** WHAT THIS TASK INVOLVES **
A single number is required: the count of lines in the entries below that include the word "SPACE".
RECORDS PROVIDED START
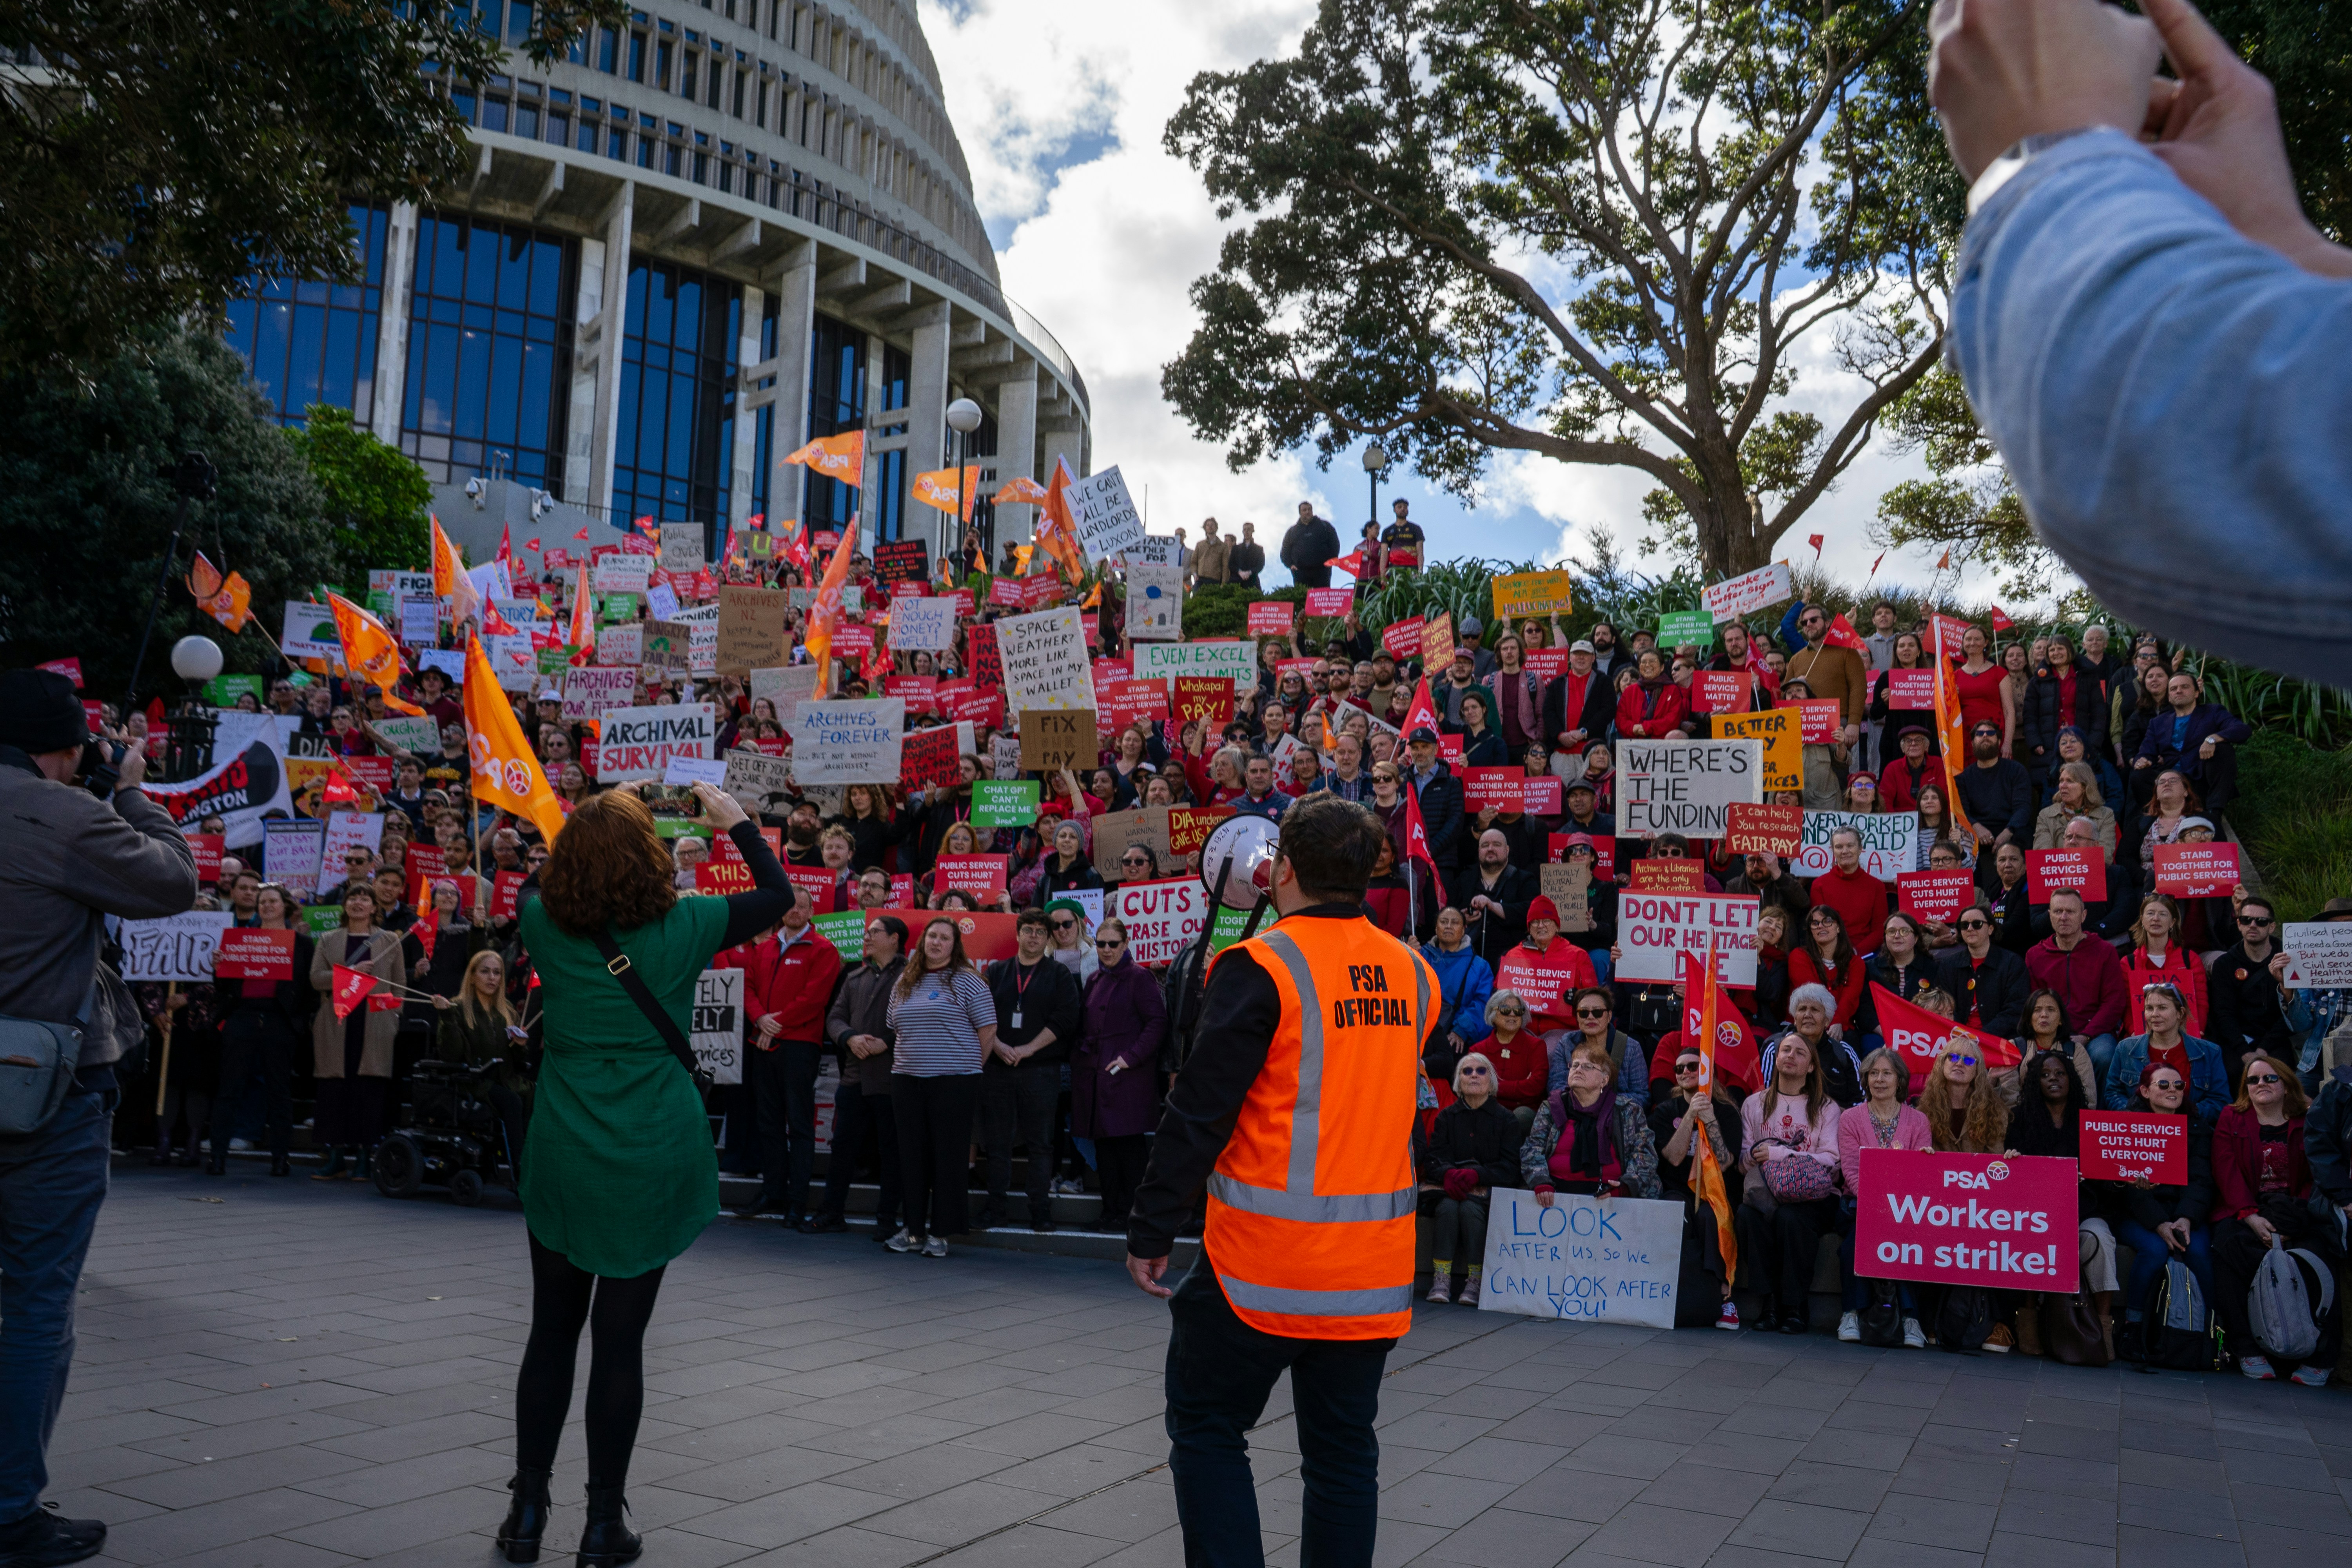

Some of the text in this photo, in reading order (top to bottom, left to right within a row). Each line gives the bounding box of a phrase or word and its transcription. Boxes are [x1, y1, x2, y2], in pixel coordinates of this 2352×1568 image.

[1069, 472, 1121, 507] WE CAN'T
[1082, 493, 1122, 524] ALL BE
[1080, 508, 1138, 541] LANDLORDS
[1098, 528, 1138, 552] LUXON
[1727, 574, 1760, 592] make
[1711, 580, 1774, 607] better sign
[894, 598, 921, 612] NOT
[1714, 603, 1731, 616] but
[892, 611, 943, 622] ENOUGH
[889, 622, 940, 634] MONEY?
[1015, 619, 1060, 639] SPACE
[889, 634, 938, 647] AWFUL!
[1006, 634, 1074, 656] WEATHER?
[1009, 649, 1069, 671] MORE LIKE
[1151, 647, 1247, 665] EVEN EXCEL
[566, 671, 635, 690] ARCHIVES
[1014, 662, 1083, 683] SPACE IN MY
[587, 690, 608, 699] ARE
[1027, 678, 1074, 696] WALLET
[1180, 680, 1225, 693] Whakapai
[1194, 695, 1207, 704] my
[564, 702, 587, 716] OUR
[1181, 700, 1224, 720] PAY!
[806, 711, 876, 728] ARCHIVES
[1724, 715, 1787, 737] BETTER
[604, 717, 711, 745] ARCHIVAL
[821, 729, 891, 745] FOREVER
[299, 736, 330, 757] DIA
[1043, 750, 1075, 766] PAY
[1629, 748, 1748, 773] WHERE'S
[984, 786, 1027, 794] CHAT GPT
[1630, 778, 1688, 800] THE
[991, 795, 1019, 804] CAN'T
[979, 804, 1016, 813] REPLACE
[1628, 804, 1729, 829] FUNDIN
[1733, 805, 1792, 820] I can help
[1172, 812, 1195, 829] DIA
[1758, 822, 1799, 833] research
[1803, 813, 1914, 833] VERWORKED
[1171, 829, 1192, 850] GIVE
[1731, 835, 1798, 854] FAIR PAY
[2045, 853, 2081, 863] PUBLIC
[2180, 851, 2213, 859] STAND
[969, 862, 1003, 870] SERVICE
[1670, 862, 1699, 873] Libraries
[2040, 864, 2089, 875] SERVICES
[2162, 861, 2232, 870] TOGETHER FOR
[1657, 874, 1670, 882] the
[1673, 874, 1689, 885] only
[1901, 878, 1969, 888] PUBLIC SERVICE
[2044, 877, 2085, 887] MATTER
[2158, 871, 2238, 880] PUBLIC SERVICES
[1936, 888, 1960, 897] HURT
[1124, 886, 1191, 916] CUTS
[1914, 899, 1959, 908] EVERYONE
[1710, 902, 1758, 927] LET
[242, 935, 271, 944] STAND
[1631, 925, 1675, 946] OUR
[2285, 926, 2328, 938] Civilised
[130, 928, 215, 977] FAIR
[225, 944, 267, 953] TOGETHER
[2284, 941, 2302, 950] dont
[2304, 940, 2324, 948] need
[220, 953, 291, 964] PUBLIC SERVICES
[2297, 950, 2318, 960] But
[1504, 965, 1571, 978] PUBLIC SERVICE
[2303, 960, 2324, 969] Civil
[1348, 965, 1388, 993] PSA
[1512, 977, 1535, 985] CUTS
[2310, 969, 2343, 977] Health
[1513, 988, 1557, 999] EVERYONE
[1335, 998, 1412, 1029] OFFICIAL
[1892, 1029, 1947, 1058] PSA
[2085, 1122, 2181, 1135] PUBLIC SERVICE
[2099, 1137, 2167, 1148] CUTS HURT
[2102, 1149, 2165, 1161] EVERYONE
[1944, 1171, 1990, 1190] PSA
[1513, 1201, 1622, 1240] LOOK
[1887, 1194, 2049, 1232] Workers
[1499, 1243, 1560, 1261] AFTER
[1877, 1241, 2056, 1275] on strike!
[1491, 1267, 1670, 1298] CAN LOOK AFTER
[1549, 1297, 1606, 1318] YOU!
RECORDS PROVIDED END
** COMPLETED EXERCISE **
2